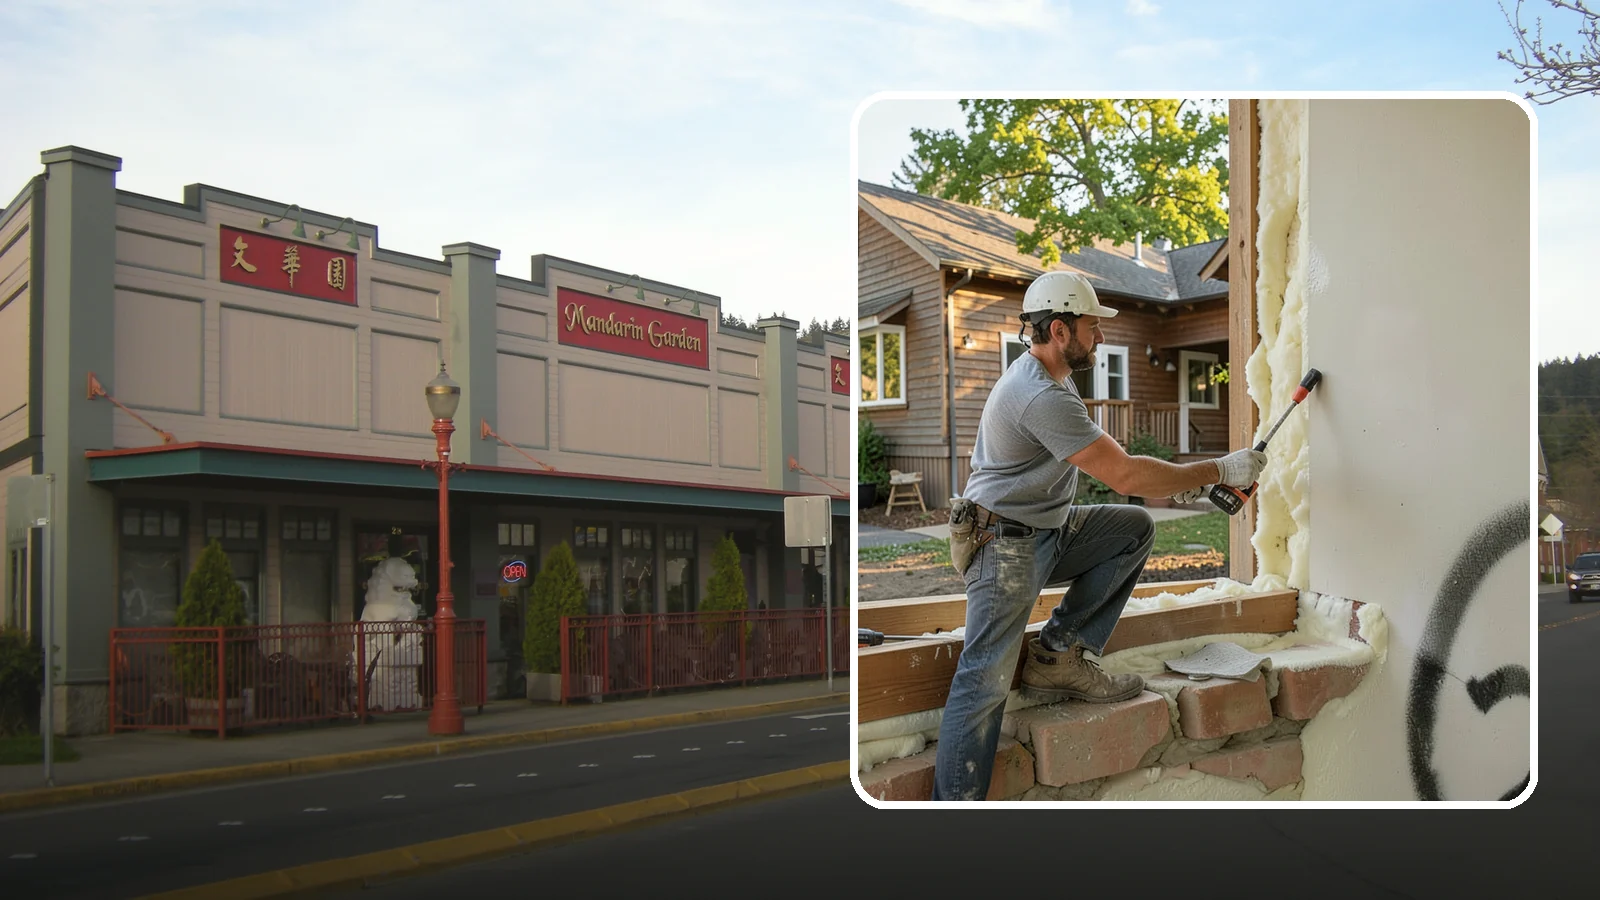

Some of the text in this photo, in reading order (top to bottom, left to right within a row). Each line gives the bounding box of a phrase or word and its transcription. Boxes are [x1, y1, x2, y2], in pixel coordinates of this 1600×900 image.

[231, 235, 346, 291] 文華園
[564, 302, 701, 352] Mandarin Garden
[503, 565, 527, 578] OPEN
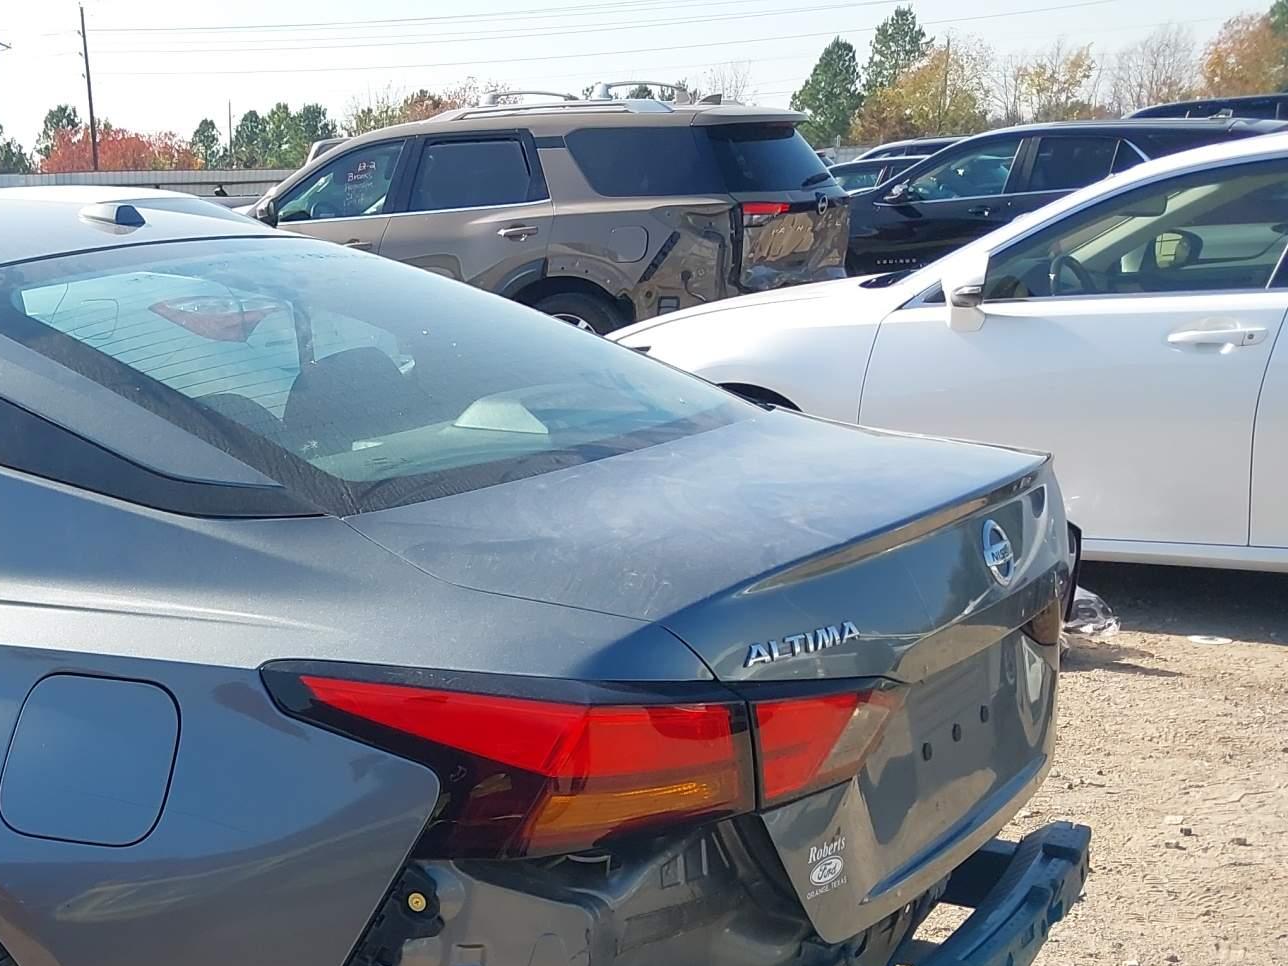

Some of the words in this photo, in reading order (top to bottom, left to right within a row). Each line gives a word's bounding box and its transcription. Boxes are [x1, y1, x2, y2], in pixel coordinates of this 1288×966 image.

[743, 621, 860, 668] ALTIMA
[808, 836, 846, 864] Roberts
[831, 875, 848, 889] TEXAS
________________
What the task asks:
When you output the listing, reproduce it exactly but drop its pictures.

Solution for this task:
Some of the text in this photo, in reading order (top to bottom, left to right within a row). Each line gives the bounding box of a phrase or word and its transcription. Boxes are [x1, y1, x2, y2], in pixel coordinates of this 1600×900 image.

[231, 235, 346, 291] 文華園
[564, 302, 701, 352] Mandarin Garden
[503, 565, 527, 578] OPEN

Some of the words in this photo, in reading order (top to bottom, left to right within a row). Each line gives a word's bounding box and its transcription. Boxes are [x1, y1, x2, y2], in pixel coordinates of this 1288×966 image.

[743, 621, 860, 668] ALTIMA
[808, 836, 846, 864] Roberts
[831, 875, 848, 889] TEXAS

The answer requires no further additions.